(Phrase grounding data)
▽
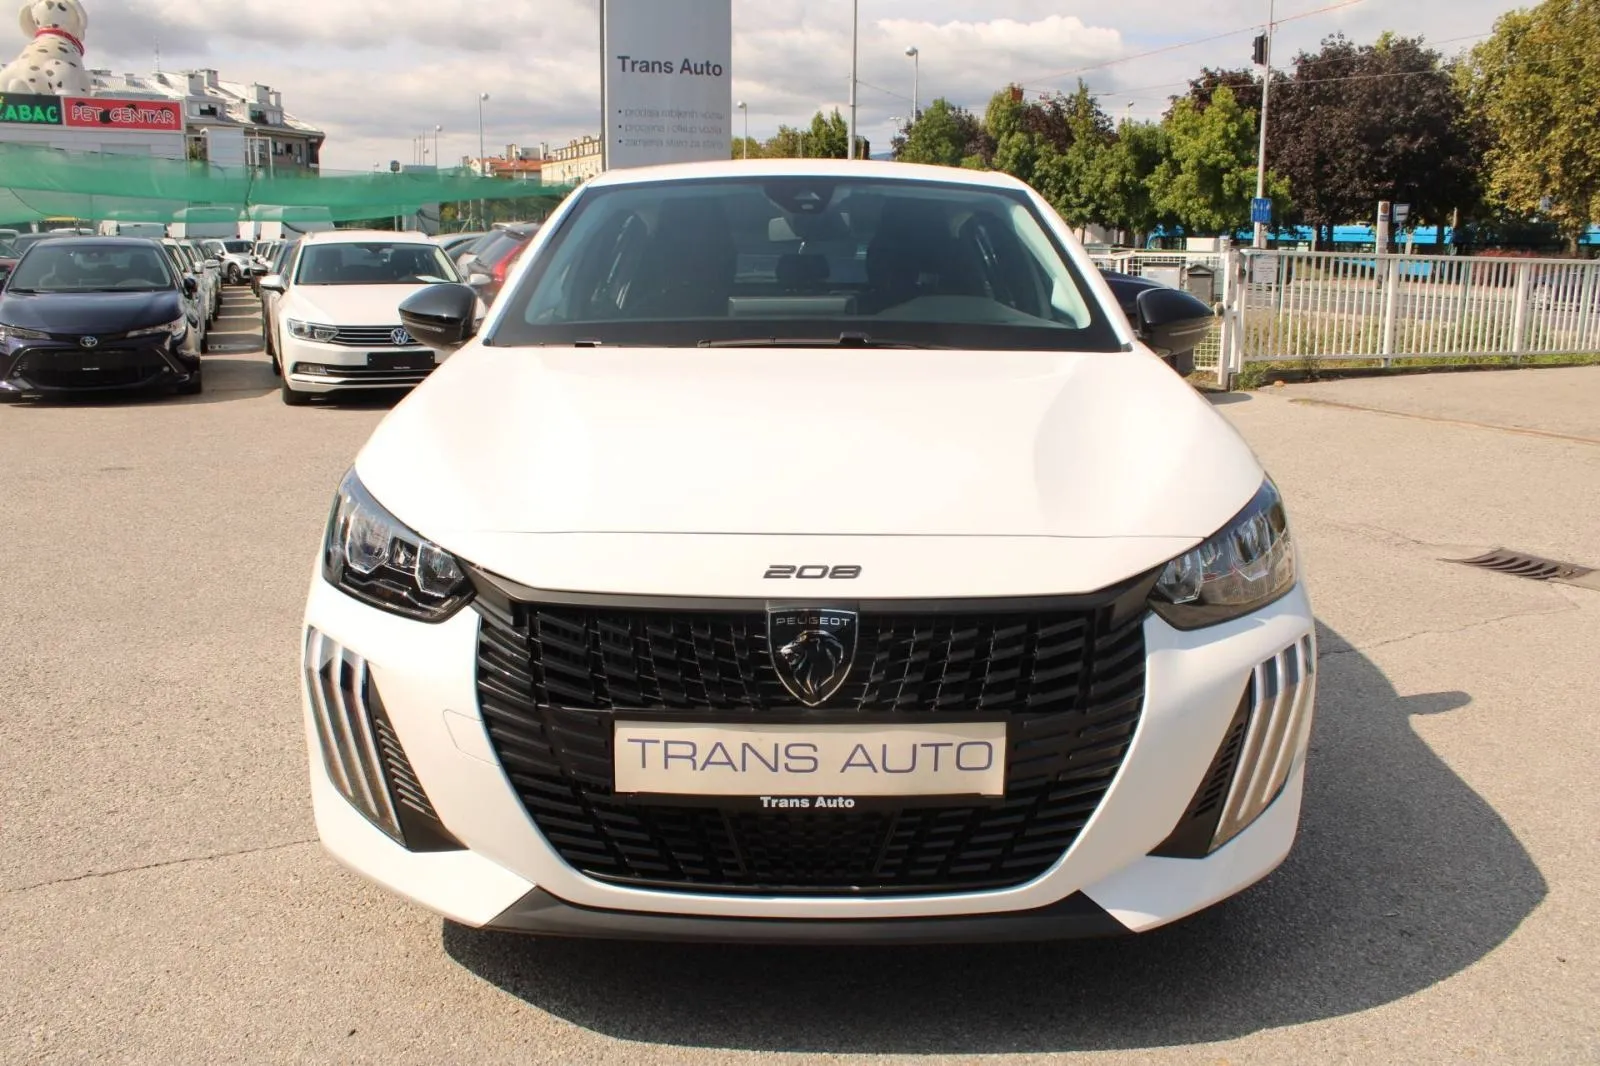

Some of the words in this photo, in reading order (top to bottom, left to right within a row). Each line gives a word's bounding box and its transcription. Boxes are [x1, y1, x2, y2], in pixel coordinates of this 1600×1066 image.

[617, 55, 674, 74] Trans
[680, 58, 723, 77] Auto
[71, 105, 103, 121] PET
[109, 107, 175, 124] CENTAR
[763, 564, 862, 579] 208
[776, 616, 850, 627] PEUGEOT
[627, 737, 819, 773] TRANS
[840, 740, 993, 775] AUTO
[760, 796, 810, 809] Trans
[814, 796, 856, 809] Auto
△
REQUIRED ACTION ▸
Write every entry out again exactly, dropping the pictures.

SOLVED EXERCISE ▸
Some of the words in this photo, in reading order (top to bottom, left to right within a row). Each line gives a word's bounding box and its transcription. Boxes are [x1, y1, x2, y2], in pixel coordinates of this 1600×1066 image.

[617, 55, 674, 74] Trans
[680, 58, 723, 77] Auto
[71, 105, 103, 121] PET
[109, 107, 175, 124] CENTAR
[763, 564, 862, 579] 208
[776, 616, 850, 627] PEUGEOT
[627, 737, 819, 773] TRANS
[840, 740, 993, 775] AUTO
[760, 796, 810, 809] Trans
[814, 796, 856, 809] Auto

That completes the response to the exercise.